Cette trend, largement diffusée sur la plateforme, mettait en scène des hommes simulant des réactions agressives à un refus amoureux. Certaines vidéos allaient jusqu’à représenter des coups de poing, des attaques au couteau ou même des tirs, visant des femmes fictives ou des mannequins. Un contenu jugé particulièrement préoccupant par les autorités, dans un contexte de recrudescence des violences basées sur le genre.
L’affaire a pris une tournure dramatique après une agression survenue en février 2026. Une jeune femme de 20 ans, qui avait repoussé les avances d’un homme, a été poignardée à plusieurs reprises à son domicile. Plongée dans un coma artificiel, elle a dû subir plusieurs interventions chirurgicales avant de se rétablir. Selon sa famille, l’agresseur consommait régulièrement ce type de contenu en ligne.
D’après les premières investigations, une grande partie des vidéos incriminées remonterait à 2024 et 2025, mais aurait récemment refait surface, amplifiant leur diffusion.

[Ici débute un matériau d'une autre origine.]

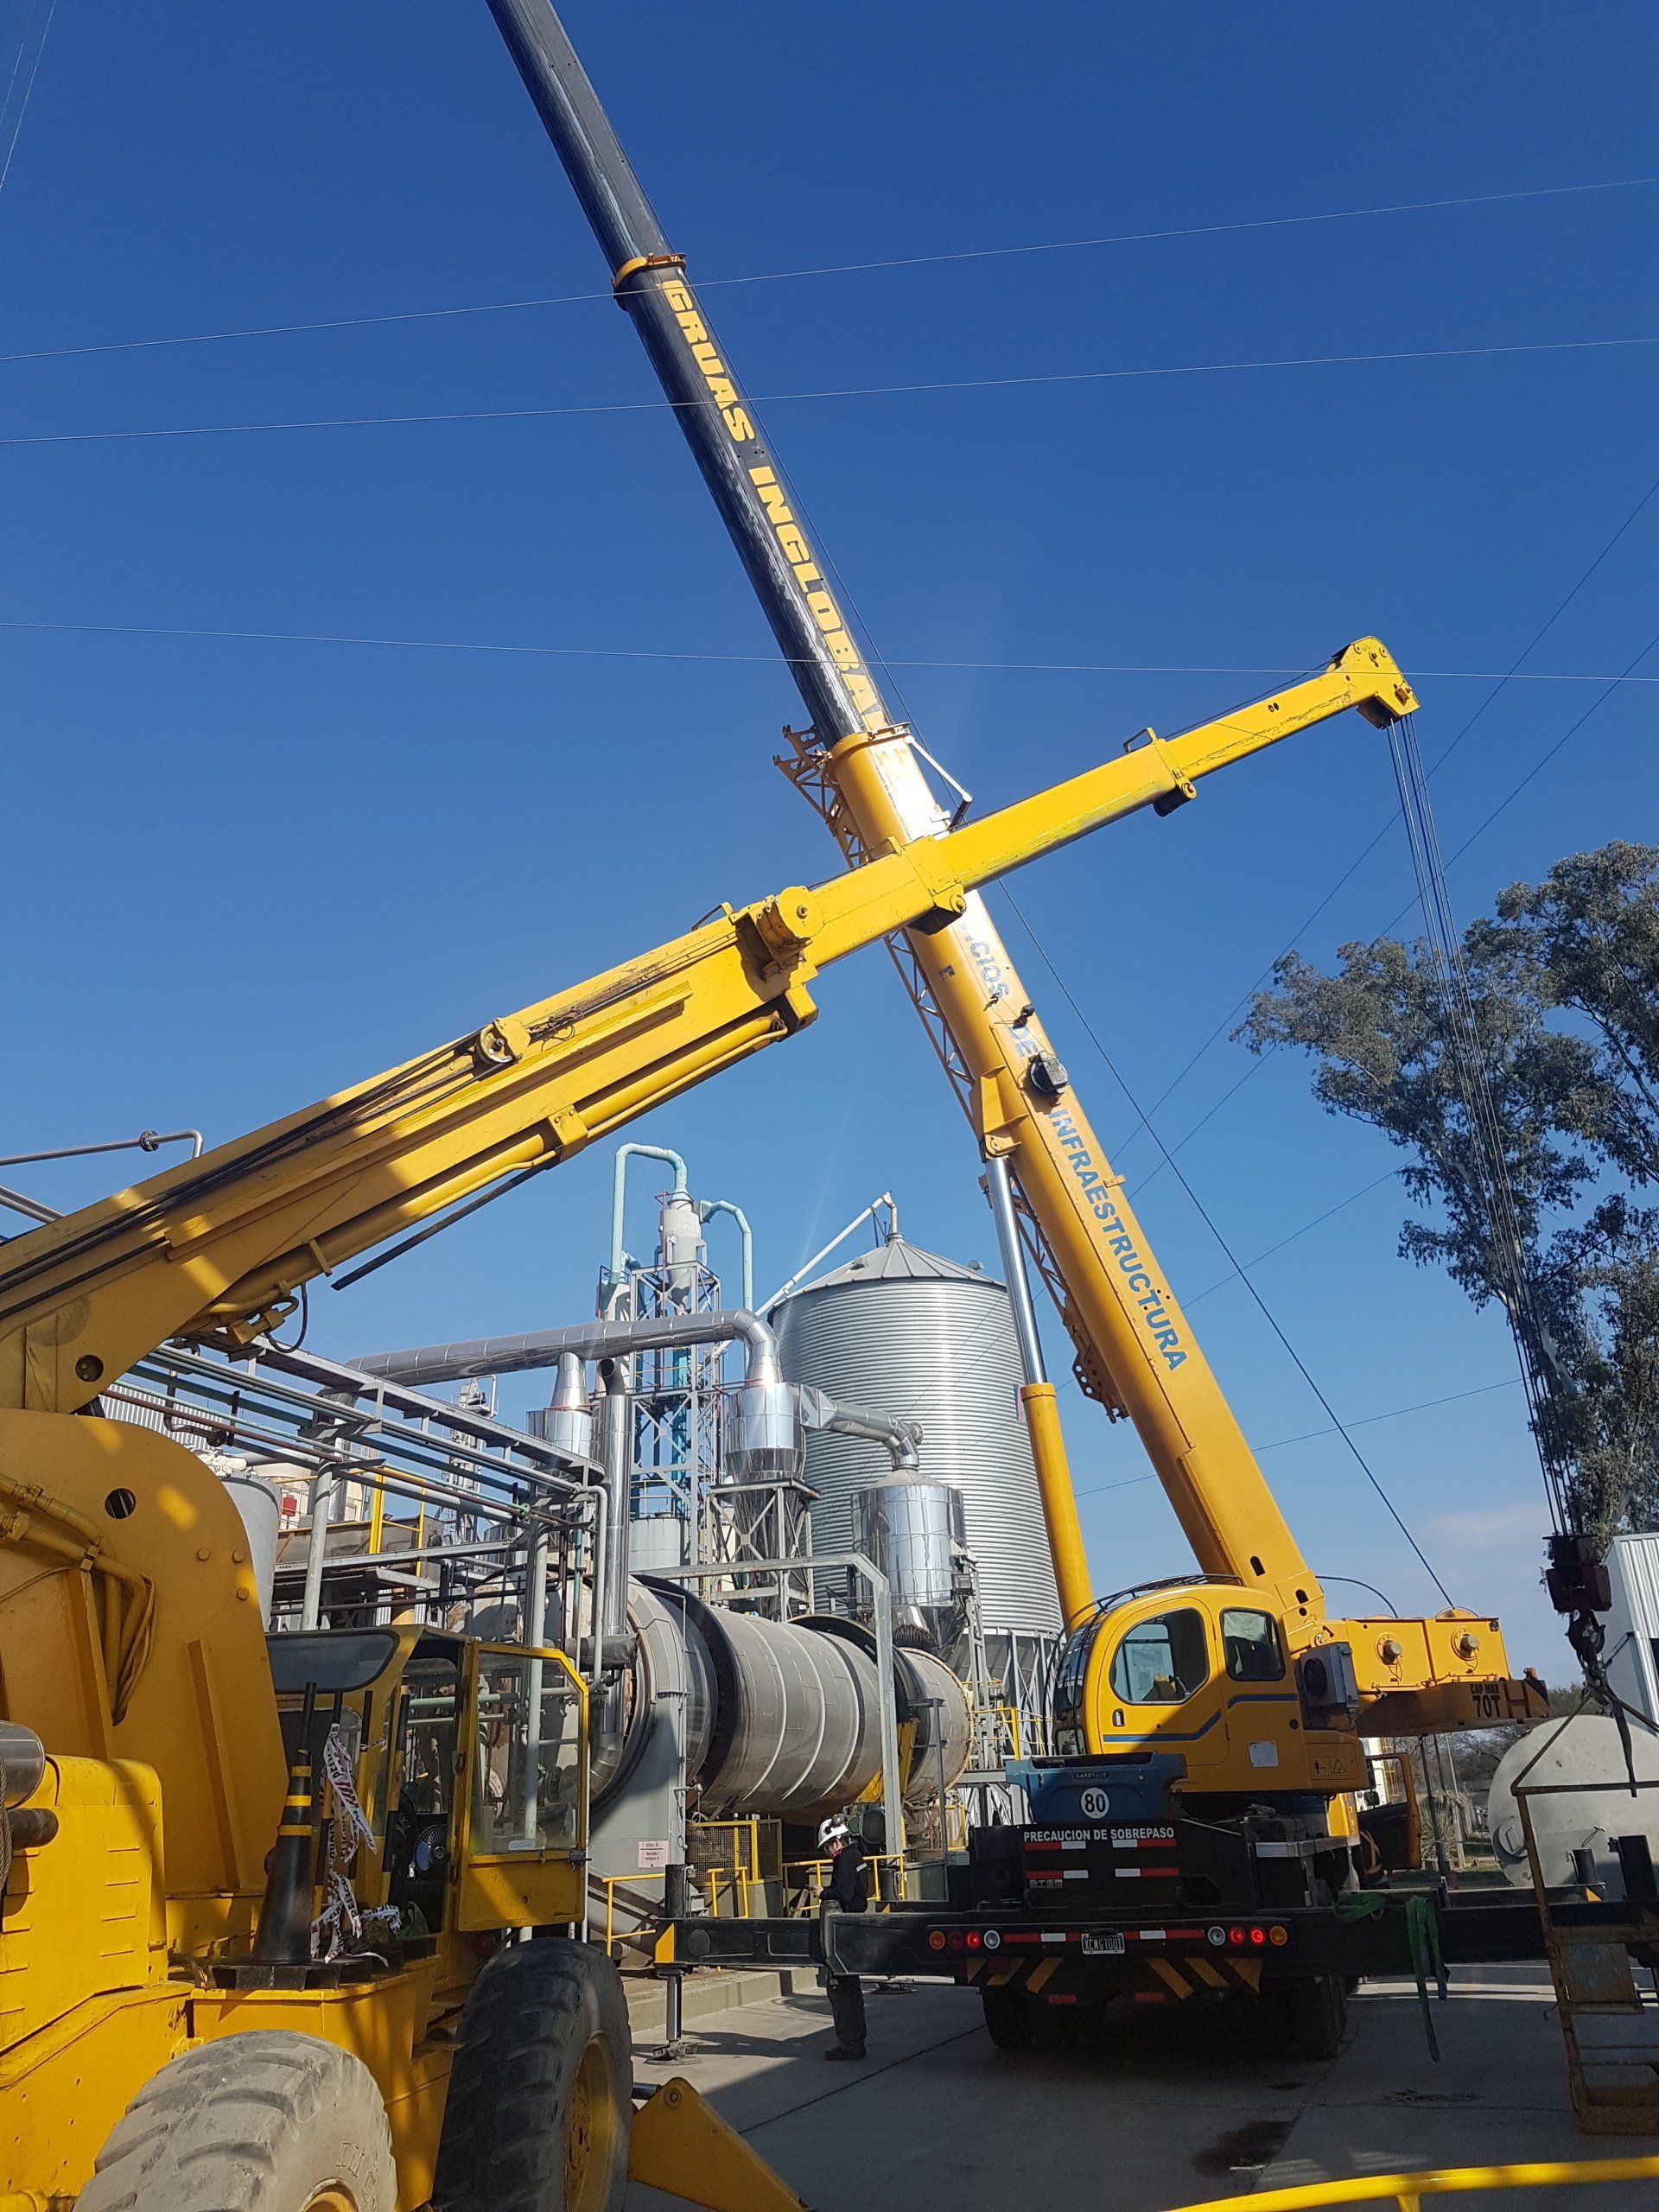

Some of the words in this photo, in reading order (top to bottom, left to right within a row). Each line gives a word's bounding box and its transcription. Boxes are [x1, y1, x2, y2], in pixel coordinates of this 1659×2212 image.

Depuis, TikTok a procédé à leur suppression.
Cette affaire intervient dans un contexte déjà alarmant : le Brésil a enregistré un nombre record de féminicides en 2025, avec 1 470 femmes tuées selon le ministère de la Justice et de la Sécurité publique. Une situation qui relance le débat sur la responsabilité des plateformes numériques dans la propagation de contenus violents et sexistes.